BMW 745li Problems for New Owners
Since 1977, BMW has been producing the 7 Series, its line of full-sized luxury vehicles that have been the German automobile manufacturer's flagship cars. In 2002, it introduced the 745li to its line-up. Before it was replaced with the 750li in 2006, this car introduced the company's innovations like the first six-speed automatic transmission and the iDrive control system. However, it wasn't a perfect vehicle. Here are some of the common problems that people have encountered with BMW 745li parts and accessories:
The iDrive system
The iDrive is BMW's computer system that allows the driver to control various components inside the vehicle. It has a screen in the dashboard and a mouse-like controller on the center console. However, it was also the first thing that a new BMW 7 Series driver had to familiarize himself with. The early iDrive versions weren't quite user-friendly, especially for overwhelmed first-timers. Described as "clusters of clutter," the hidden submenus distract and detract from the overall driving experience.
The dashboard and the driving experience
Fiddling around and becoming familiar with the iDrive system's controls aren't the only thing that new 745li owners had to do while driving the car. They also needed to read the instruction manual quite extensively because a lot of warning lights and electronic glitches have popped up. These electrical issues dashboard messages that ranged from warnings like "avoid high cornering speeds" and "avoid hard braking" to serious issues like "brake/drive failure" and "dynamic drive inactive." The experience was so varied that drivers either had to ignore the messages or call their dealers to ask for some roadside assistance.
The exterior styling
Despite being redesigned for the new generation, the BMW 7 Series cars (including the 745li) received mixed reviews about their new looks. Because they were two inches taller and more than an inch longer and wider than their predecessors, the 7 Series cars looked heavier and it seemed as if their proportions were all wrong. The rear half of the model-variants, in particular, might have a larger trunk, but it doesn't impress with its L-shaped tail lights. But, no matter how long it took for them to get used to the new lines, 745li drivers appreciated BMW's attention to aerodynamics.
I have a BMW 745Li and this car used to run very smooth even under high speed—highway driving. However, lately this car drives like it's a cheap car. If I drive it even just over 45mph, you can feel the mushy and shaking when steering over bumps. It also has a semi-truck stopping noise. Can someone please explain to me what is happening?
Your car is made of various components that work together in order for it to run. The system responsible for giving you a smooth ride and great handle is the suspension system. When one or two parts in the system fails, you will have a very bumpy and uncomfortable ride. Now, one of the most common culprits of a mushy road feel or shuddering in the steering are the tension strut bushiness or the front thrust rod bushings.
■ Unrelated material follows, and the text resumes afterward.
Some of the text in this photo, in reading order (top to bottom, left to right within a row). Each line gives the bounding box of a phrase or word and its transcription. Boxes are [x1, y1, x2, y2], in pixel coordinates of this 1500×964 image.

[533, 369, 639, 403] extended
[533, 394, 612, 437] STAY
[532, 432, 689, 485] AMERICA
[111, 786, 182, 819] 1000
These are rubber mounts and known to weaken and crack over time because of everyday wear and tear. It is recommended to replace the bushings to eliminate the problem. You can get polyurethane or polygraphite bushings as replacements—they will last longer than ordinary rubber ones.
I bought this 745Li because I thought it's a pretty nice ride. And hey, it's BMW! All their cars should be great, right? So imagine my frustration when after just a few months of driving it, I noticed that various interior trim parts are starting to feel all on their own. The center consoles, the storage tray buttons, door sill entry covers, kick panels, and the b-pillar trims—all are peeling. Please give me tips on how to restore them; they are not nice to look at.
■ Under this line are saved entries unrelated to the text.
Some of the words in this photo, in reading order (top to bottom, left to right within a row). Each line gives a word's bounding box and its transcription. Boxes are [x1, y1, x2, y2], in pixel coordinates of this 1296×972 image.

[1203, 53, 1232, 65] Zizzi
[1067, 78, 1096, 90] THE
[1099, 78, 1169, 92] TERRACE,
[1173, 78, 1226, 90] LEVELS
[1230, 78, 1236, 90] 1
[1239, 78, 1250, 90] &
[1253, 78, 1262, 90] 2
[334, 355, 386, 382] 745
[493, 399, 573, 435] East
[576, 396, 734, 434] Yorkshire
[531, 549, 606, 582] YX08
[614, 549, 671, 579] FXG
Peeling dash and various interior trims are actually common issues with BMW cars. It really is annoying especially if you've only had the car for a few months—not even getting high mileage on it. We found out that the reason for this is that most dashes and trims are sprayed with water-based dyes and most cleaners are solvent-based. The two don't mix well, obviously. The solution, therefore, is to look for a cleaner that doesn't have solvent in it. Also, use only mild detergent as this can also cause the plastic trims in the interior to peel off. Now, for those trims and dash that have already peeled, you can restore these with some sandpaper and automotive primer. Just sand off the peeling plastic and then spray it with primer—it will look like new in no time.
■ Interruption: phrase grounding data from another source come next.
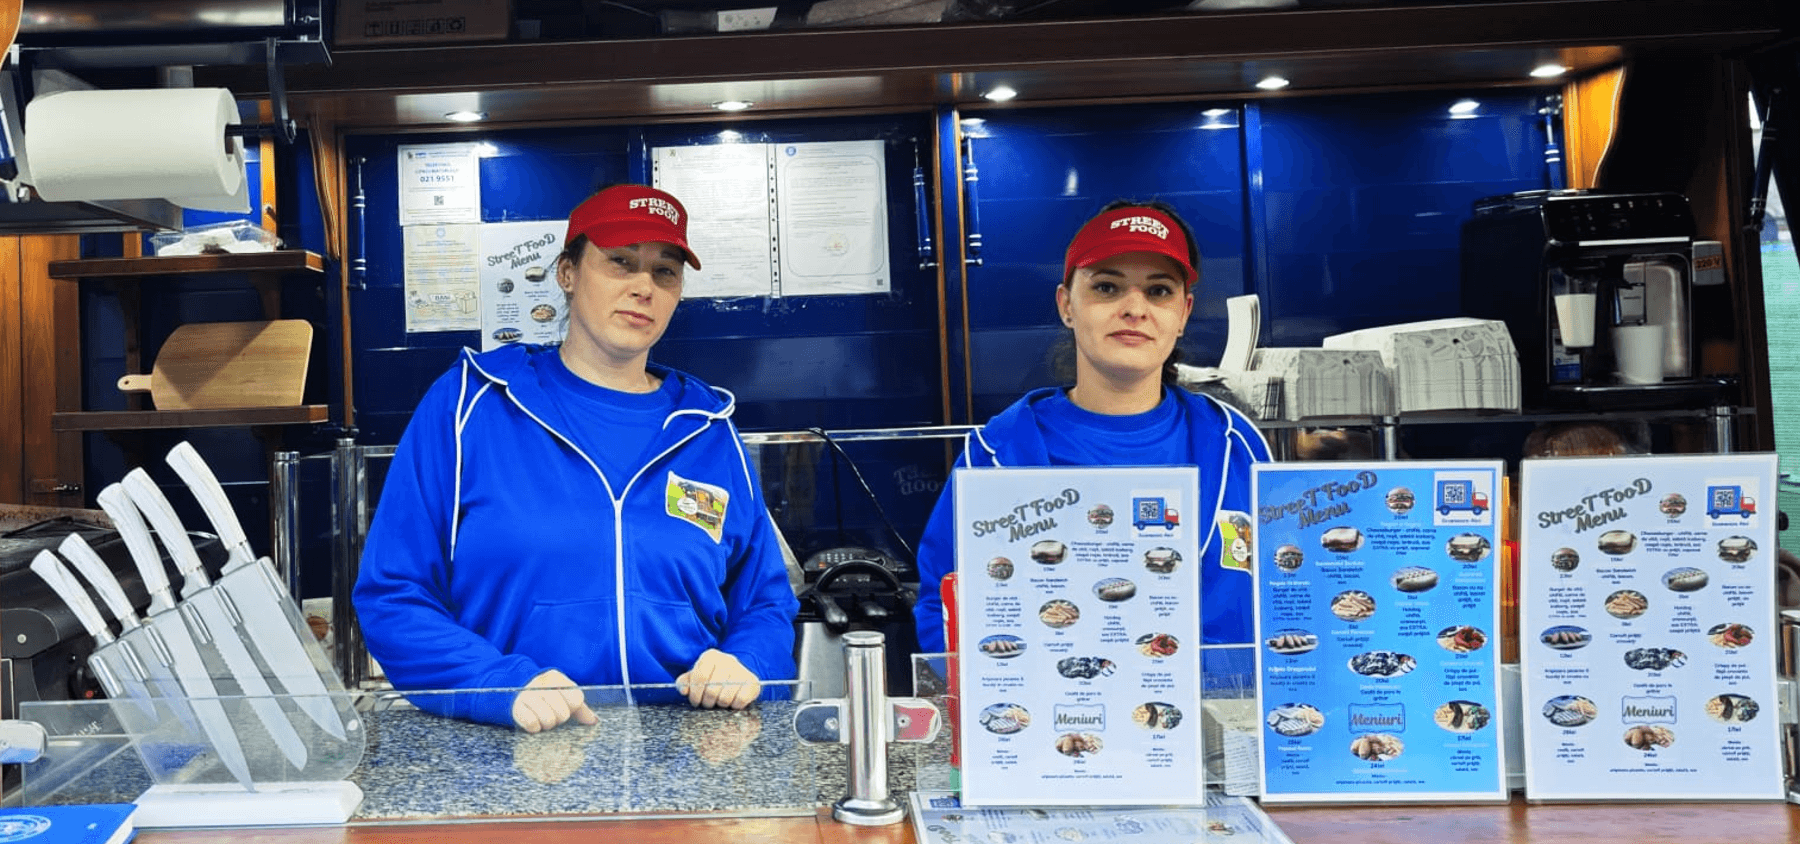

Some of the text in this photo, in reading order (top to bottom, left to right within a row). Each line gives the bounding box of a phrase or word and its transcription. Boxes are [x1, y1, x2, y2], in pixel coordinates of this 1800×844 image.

[629, 197, 680, 218] STREET
[648, 206, 678, 225] FOOD
[1110, 216, 1170, 234] STREET
[1129, 225, 1166, 240] FOOD
[510, 252, 542, 270] Menu
[1321, 470, 1378, 501] FooD
[1599, 477, 1653, 507] FooD
[1029, 488, 1080, 517] FooD
[1298, 502, 1353, 530] Menu
[1574, 507, 1627, 533] Menu
[1008, 517, 1058, 543] Menu
[1054, 713, 1103, 725] Meniuri
[1351, 713, 1403, 726] Meniuri
[1622, 705, 1675, 718] Meniuri
So, I recently took my BMW 745Li to the emission testing center to get my emission test. I was confident that everything will be fine because I know there was no problem with it. Imagine my dismay when the test was done and I was told that my car failed the test. I don't know what's up. Can you tell me what's going on?
Most states nowadays are using Onboard Diagnostics (OBDII) plug-in check instead of a tailpipe emission test to check for a car's emission compliance. The possible causes for failing a test include problems with one of these: eleven monitors, catalyst monitors, misfire, evaporative system, EGR system, fuel system, heated catalyst, secondary air system, O2 sensor and heater, and A/C system refrigerant. If you fail an OBDII system check, you can get a tailpipe test to check if you are having problem only with the OBDII. If your car also failed the tailpipe test but the Check Engine Light is not turning on; you might be dealing with a burned out MIL lamp or faulty catalytic converter. The converter is an afterburner that cleans up the exhaust after it exits the engine. The OBDII system should be able to detect a drop in the converter's efficiency. You might also want to check the engine for misfires, overly rich or lean fuel condition, or if your car is having a loss of compression. These are all causes for failed emission test.